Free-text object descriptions
'''

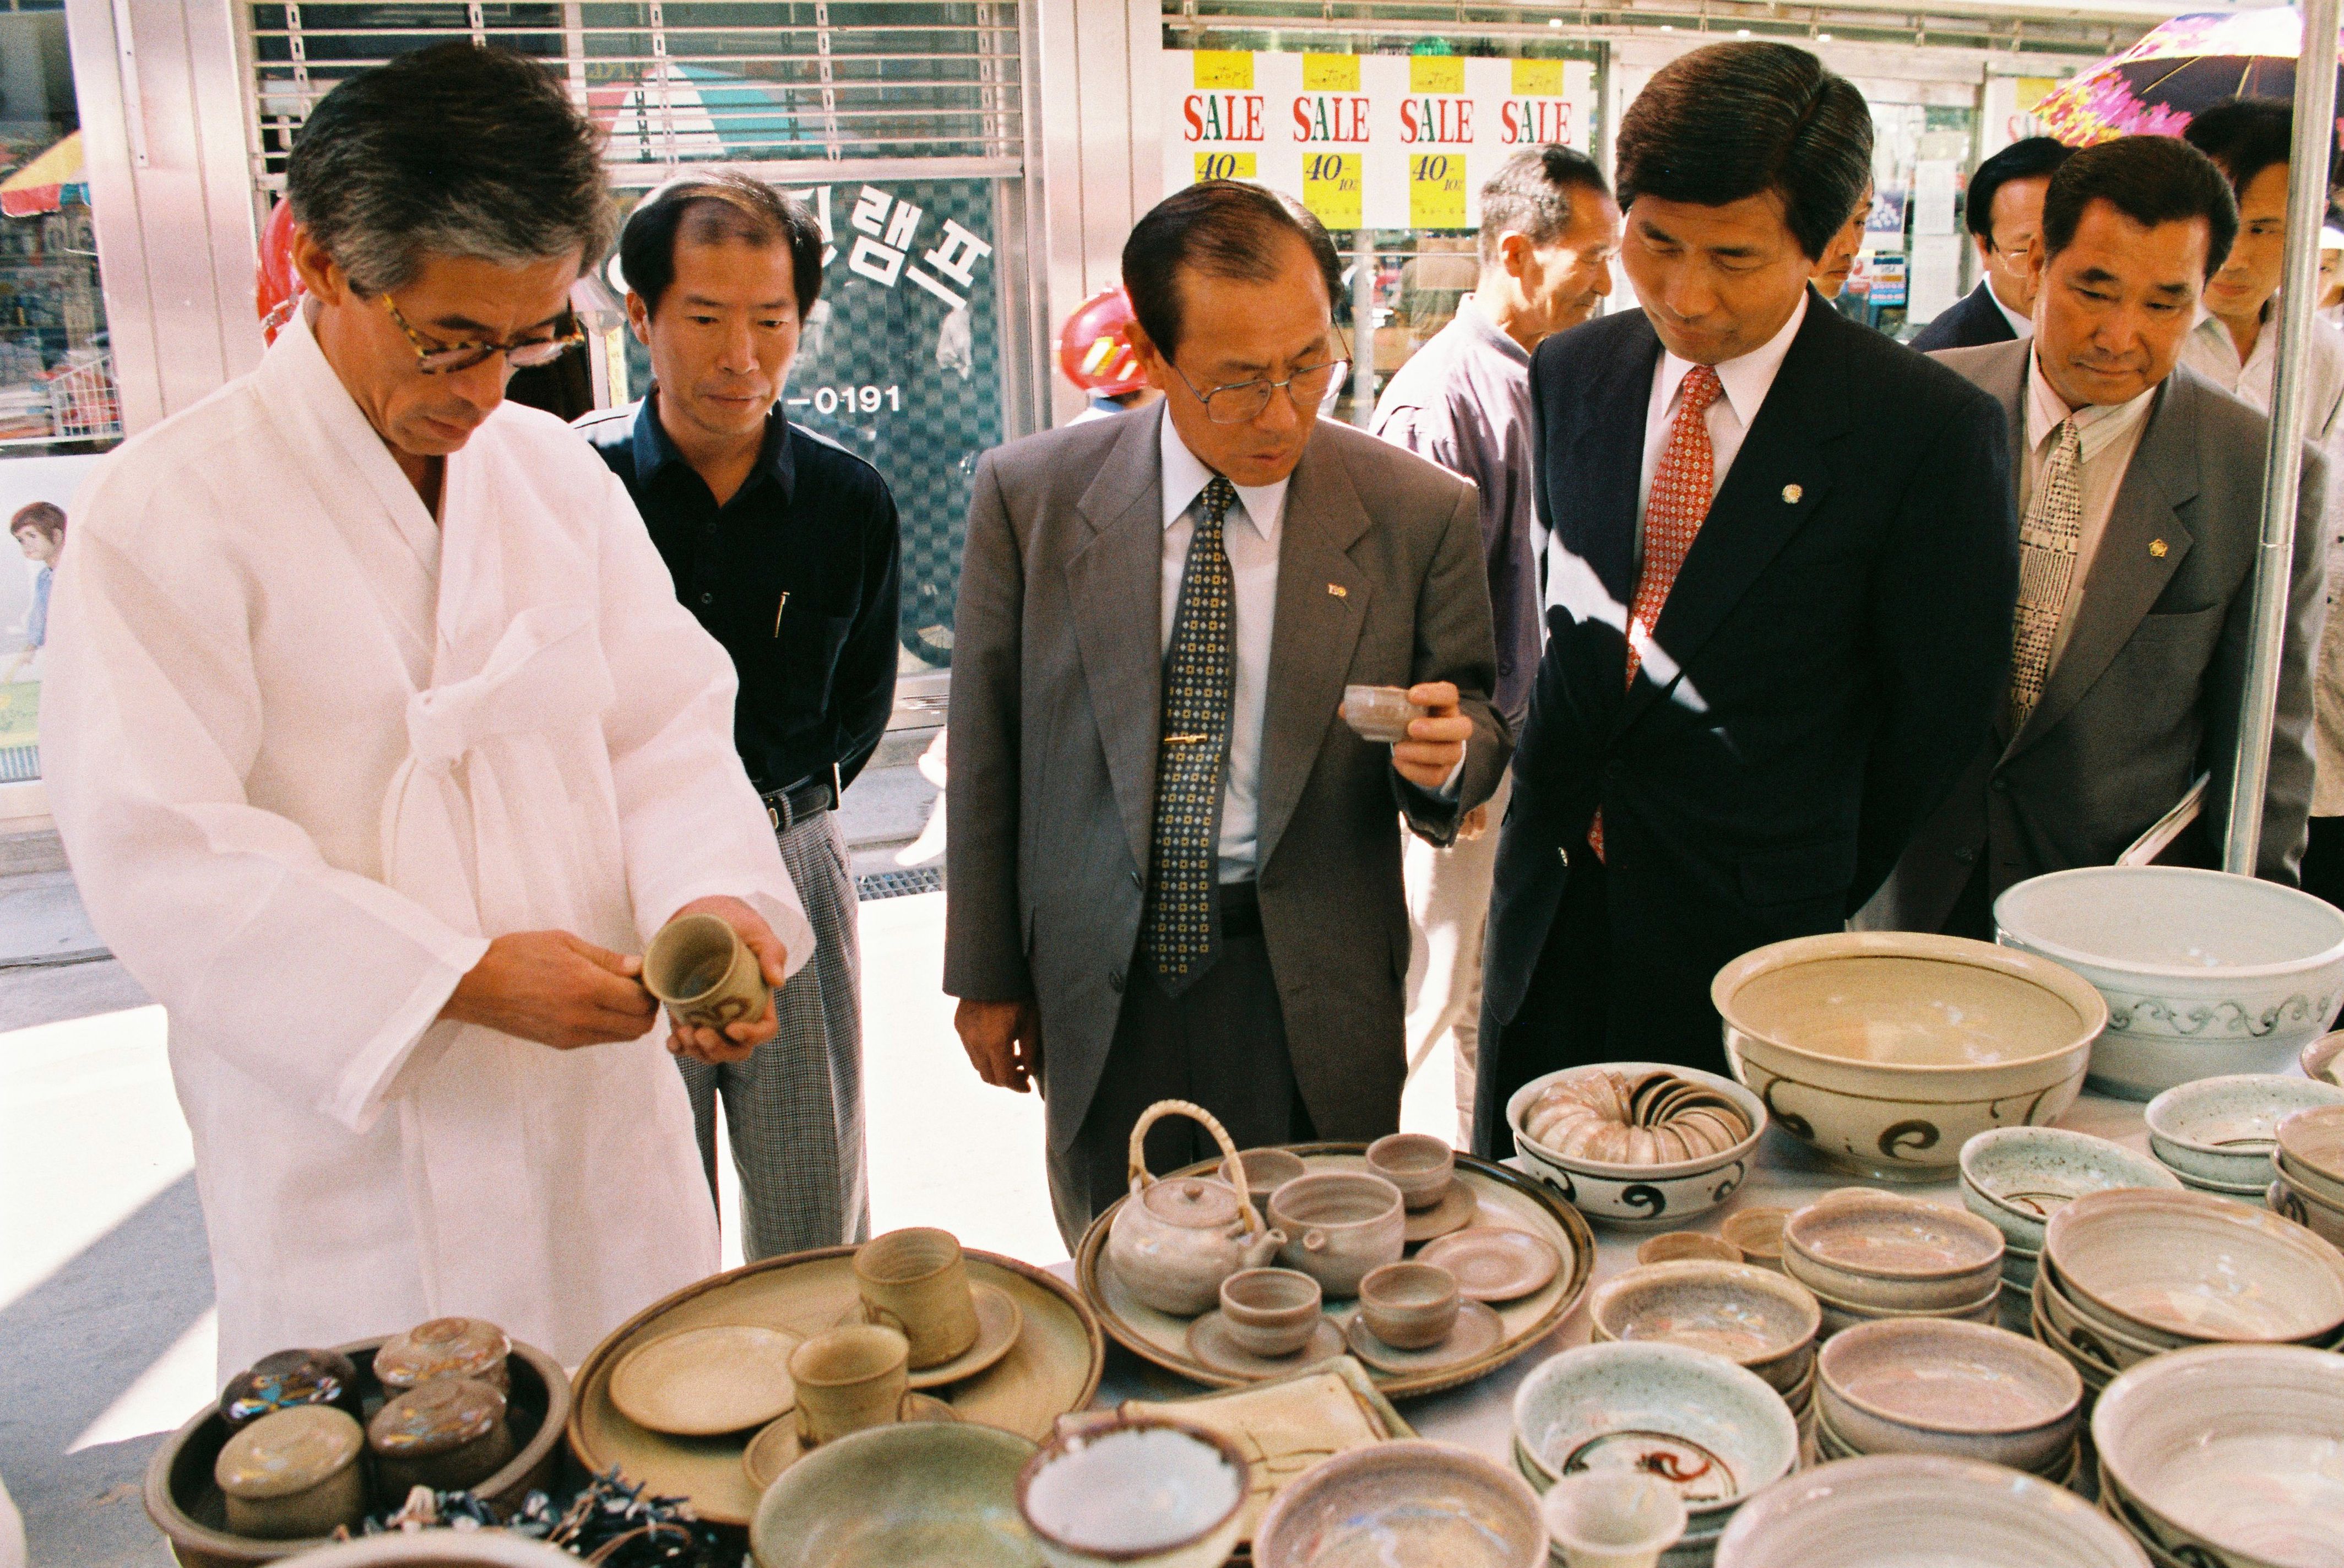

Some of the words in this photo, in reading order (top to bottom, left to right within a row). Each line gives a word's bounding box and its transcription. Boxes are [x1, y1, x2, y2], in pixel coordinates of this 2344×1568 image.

[1184, 94, 1265, 142] SALE
[1293, 96, 1370, 143] SALE
[1400, 98, 1474, 144] SALE
[1501, 100, 1572, 145] SALE

'''

### [Work instructions]
Leaving the pictures out, give back each line above exactly.

### [Written answer]
Some of the words in this photo, in reading order (top to bottom, left to right within a row). Each line gives a word's bounding box and its transcription. Boxes are [x1, y1, x2, y2], in pixel coordinates of this 2344×1568 image.

[1184, 94, 1265, 142] SALE
[1293, 96, 1370, 143] SALE
[1400, 98, 1474, 144] SALE
[1501, 100, 1572, 145] SALE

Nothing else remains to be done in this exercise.